It is clear from the Chinese pronouncements that China will not go the Western, read that US, way. Instead of embracing the West’s prescription for unity, harmony and development in the post-Cold War era—basically the make up of the world order after the collapse of the Berlin Wall and the break up of the Soviet Union—it is embarking on its own path. And in a big way. As if on cue, in the Huntington book the theorist advised that the divide between the West, read that US led, and Chinese civilizations is “just as deep, enduring and consequential.”

Thus, he noted: “The very notion that there could be a ‘universal civilization’ is a Western idea, directly at odds with the particularism of most Asian societies and their emphasis on what distinguishes one people from another.” These differences are evident in almost all aspects: from the economy, free market versus state-led and stock market cycle versus long-term economic projects. Then in cultural and political: USA- style individualism where rights and freedoms are key versus communalism and societal harmony which then translates into the political arena as democratic free-for-all versus state led governance.

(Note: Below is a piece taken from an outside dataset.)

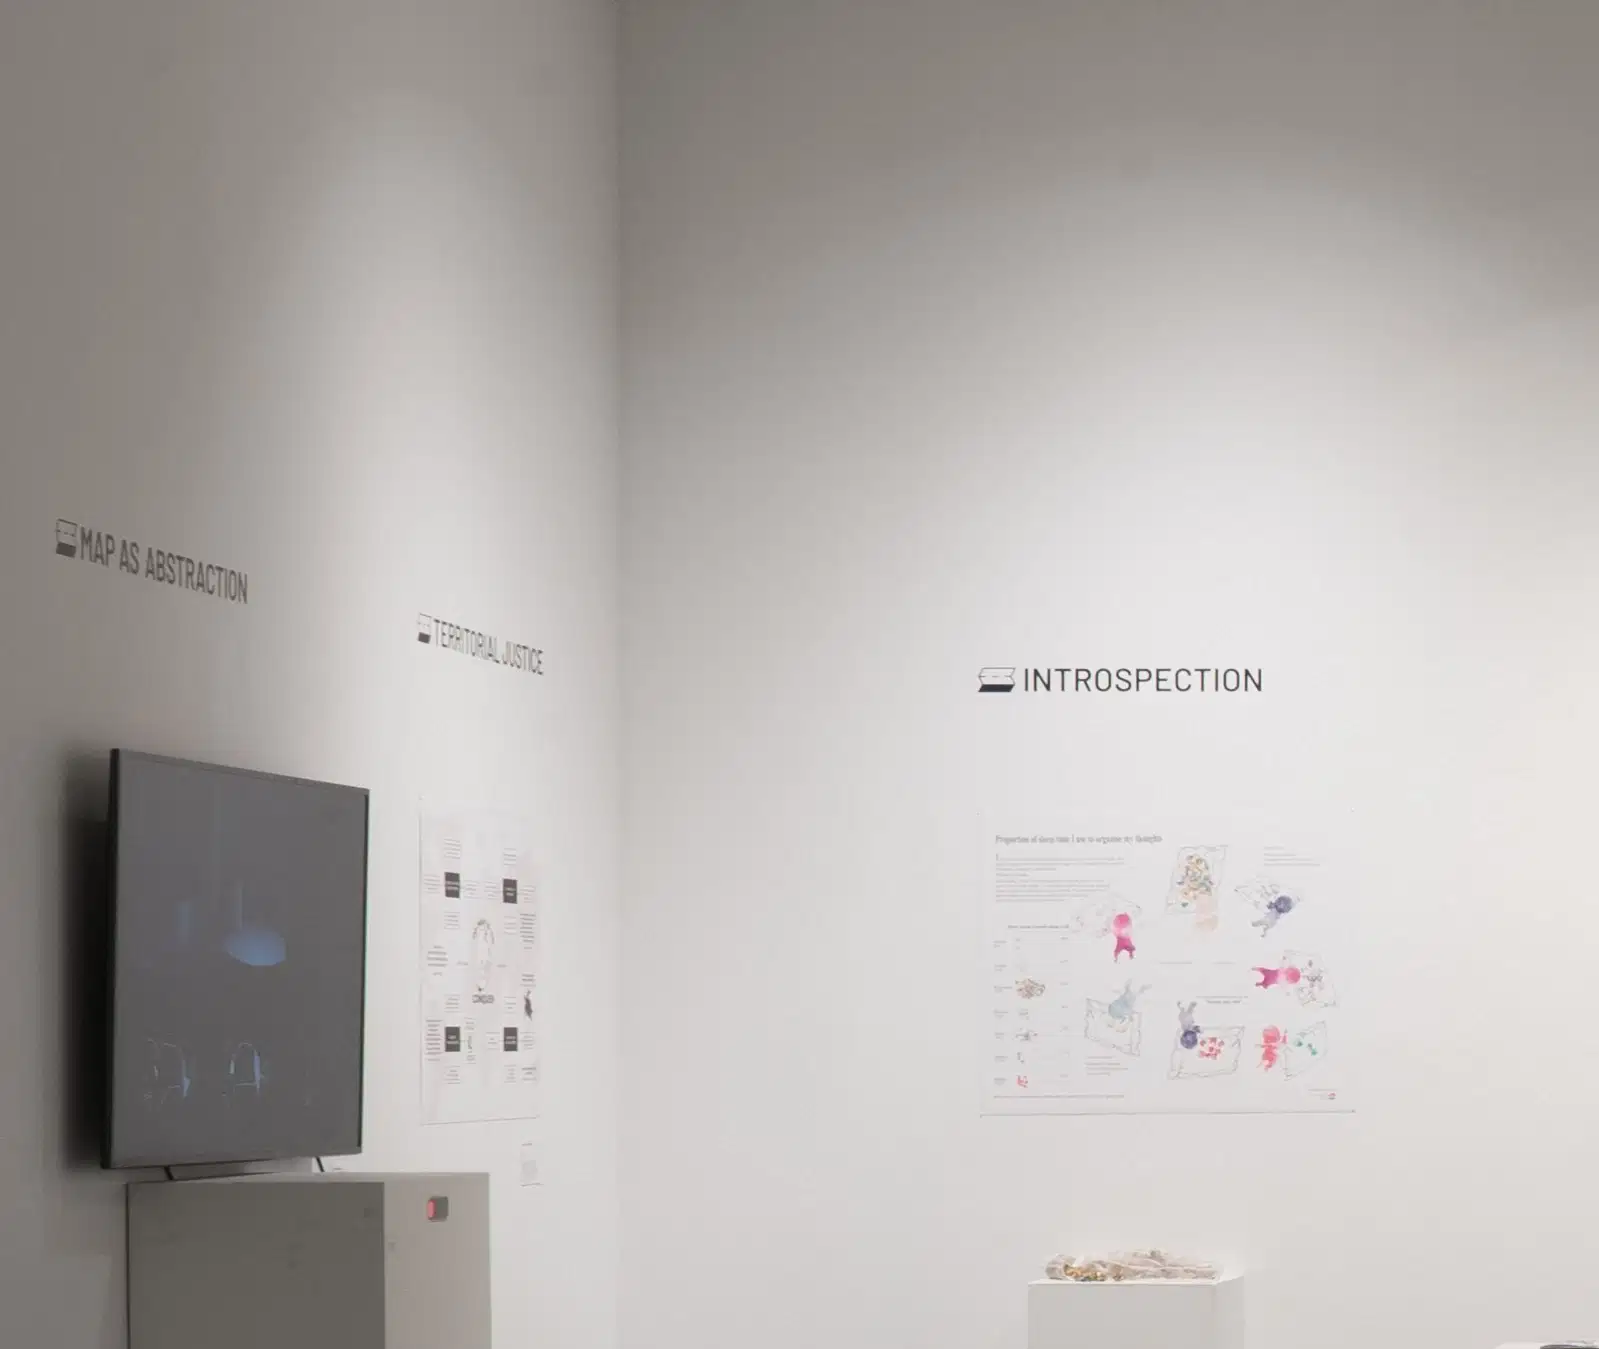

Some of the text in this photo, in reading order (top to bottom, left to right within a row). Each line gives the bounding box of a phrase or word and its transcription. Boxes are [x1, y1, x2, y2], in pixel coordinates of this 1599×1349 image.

[80, 526, 248, 604] MAP AS ABSTRACTION
[433, 618, 544, 676] TERRITORIAL JUSTICE
[1024, 668, 1263, 692] INTROSPECTION

Professor Graham Allison in his book “Destined for War: Can America and China Escape Thucydides’ Trap?” expounded on this expected race to center stag’ of the two world powers—the US with its Western values and system and China as the spearhead of the Asian way—as earlier theorized by Huntington. As Dillon would have it, that race would have far reaching consequences on a post-Cold War world similar to if not even more complicated than the previous one. Thus, he virtually calls on all peoples and nations of goodwill to do all they can to manage this next clash of civilizations.

“Established powers,” Dillon noted, “faced with challenges tend to become fearful, insecure and defensive while rising powers understandably feel a growing sense of entitlement and demand greater influence and respect,”—a situation which can only erupt if not nursed and managed properly.

How true and how current a task for all. Given this enveloping environment of super power competition in all aspects the choice left for countries such as the Philippines can only be summed as friends to all, enemies to none. In a very real sense, that encapsulates President Duterte’s view on how we should behave in the post-Cold World era: A policy of interdependence and harmony, of promoting solely and realistically the nation’s best interests.

In a very real sense, the Chinese are assuming the leadership, the sword, if you may, meant to show another path to a 21st century world that has been loosely described as the Asian way.